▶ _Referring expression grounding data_

++++

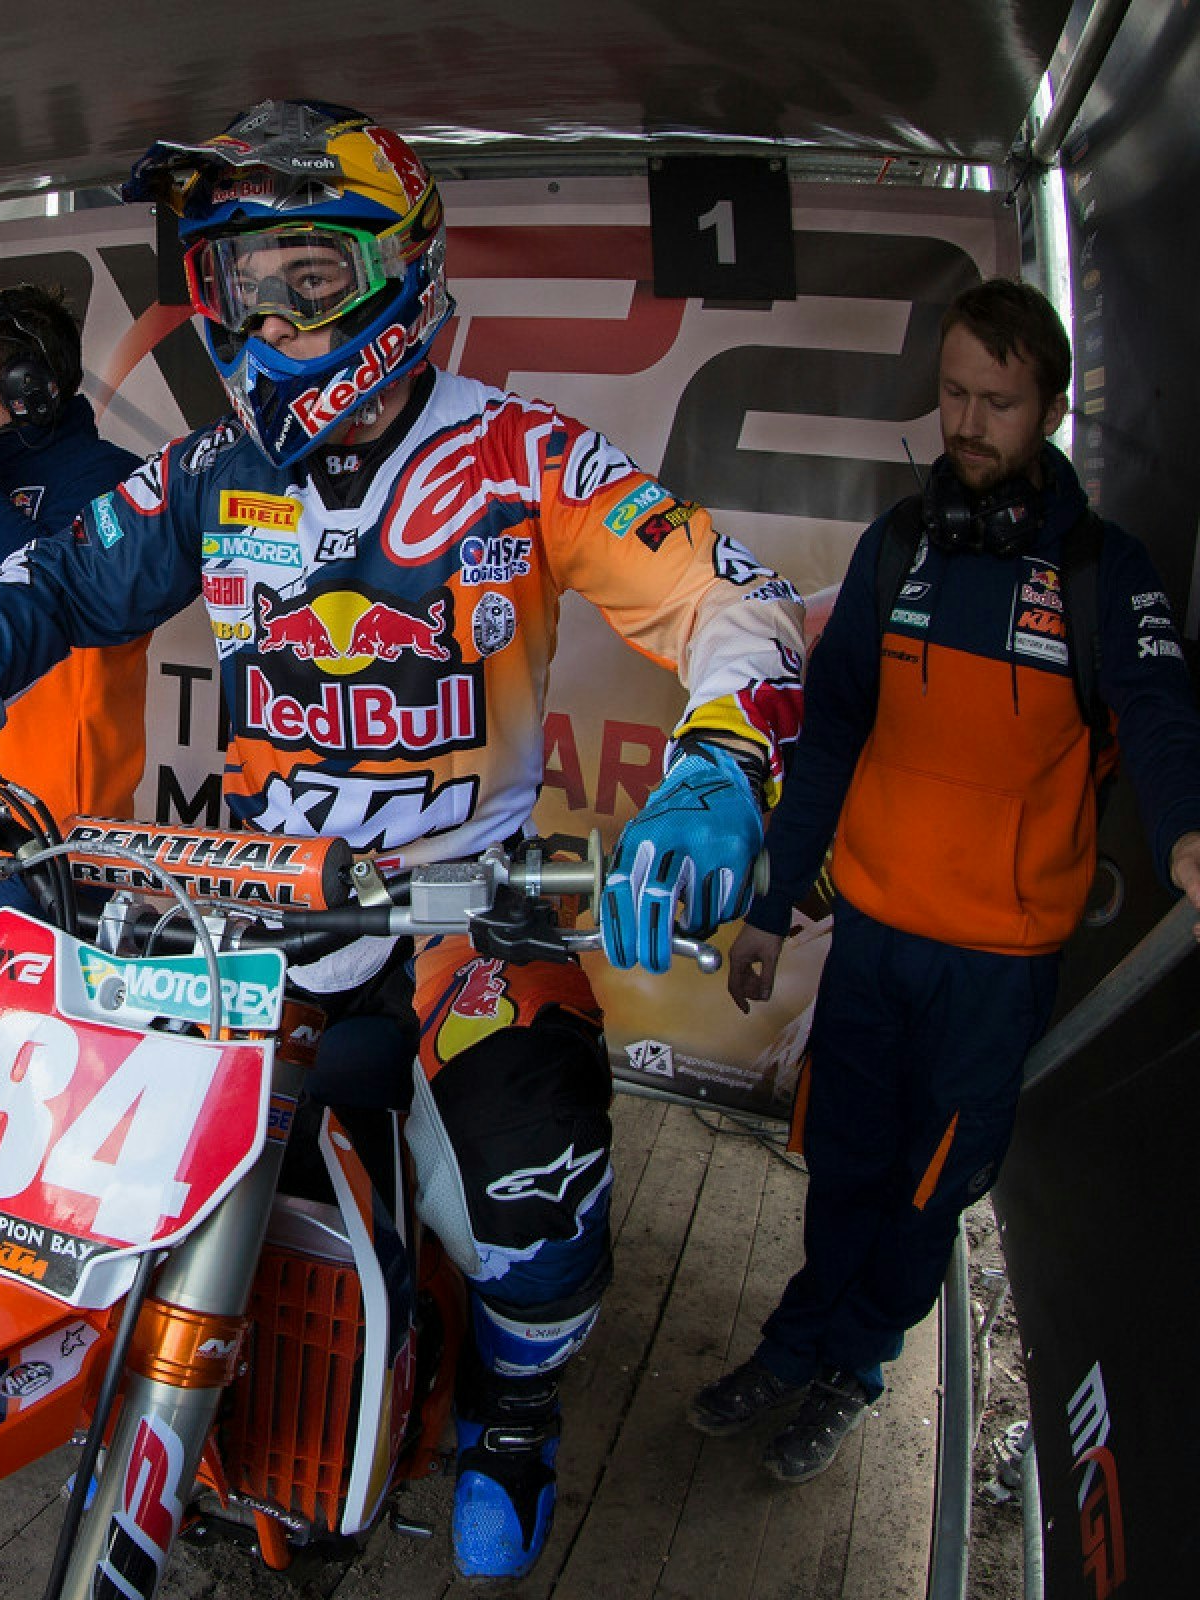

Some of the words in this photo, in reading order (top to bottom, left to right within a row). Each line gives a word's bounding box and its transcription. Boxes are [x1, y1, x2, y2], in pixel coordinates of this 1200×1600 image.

[699, 200, 737, 264] 1
[289, 342, 385, 438] Red
[326, 456, 360, 475] 84
[484, 538, 531, 566] HSF
[246, 666, 347, 750] Red
[349, 675, 475, 750] Bull
[251, 770, 479, 849] KTM
[65, 824, 310, 874] RENTHAL
[71, 861, 312, 908] RENTHAL
[126, 963, 280, 1017] MOTOREX
[49, 1236, 95, 1262] BAY
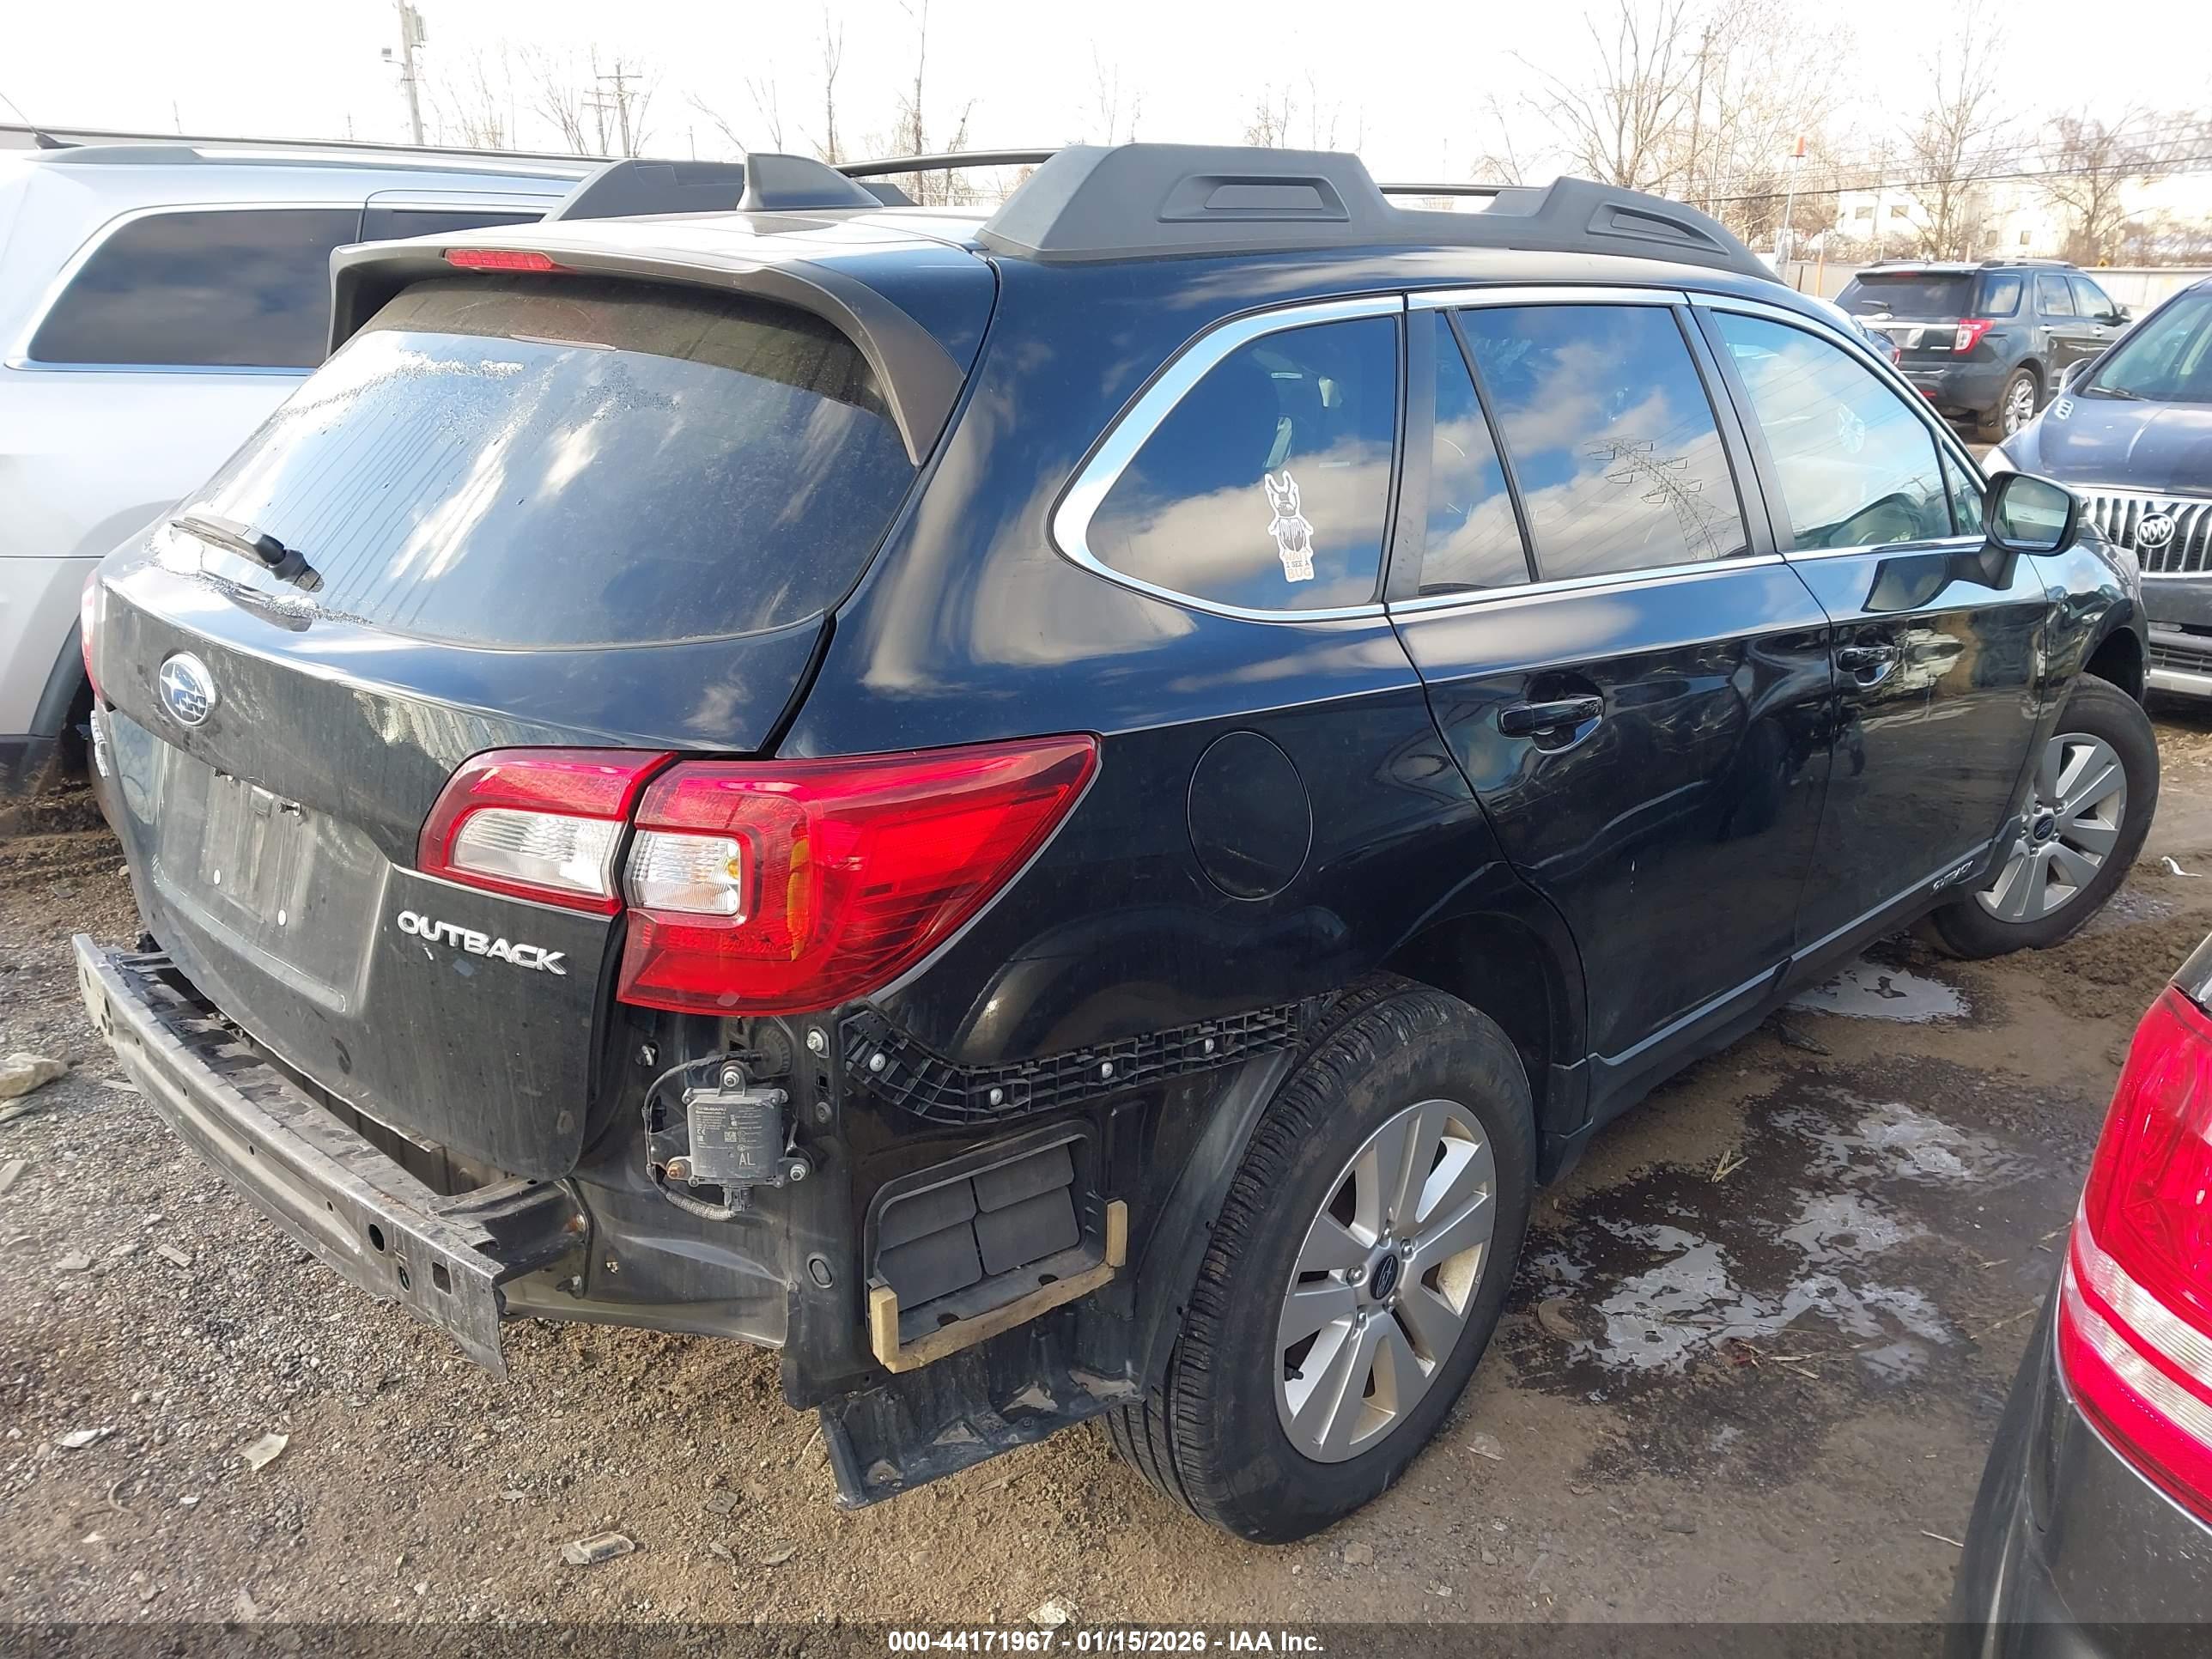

++++

Output the lines above verbatim, images excluded.

▶ _Exercise output_
Some of the words in this photo, in reading order (top to bottom, left to right within a row). Each line gives a word's bounding box and its transcription. Boxes are [x1, y1, x2, y2], in pixel coordinates of this 1200×1600 image.

[699, 200, 737, 264] 1
[289, 342, 385, 438] Red
[326, 456, 360, 475] 84
[484, 538, 531, 566] HSF
[246, 666, 347, 750] Red
[349, 675, 475, 750] Bull
[251, 770, 479, 849] KTM
[65, 824, 310, 874] RENTHAL
[71, 861, 312, 908] RENTHAL
[126, 963, 280, 1017] MOTOREX
[49, 1236, 95, 1262] BAY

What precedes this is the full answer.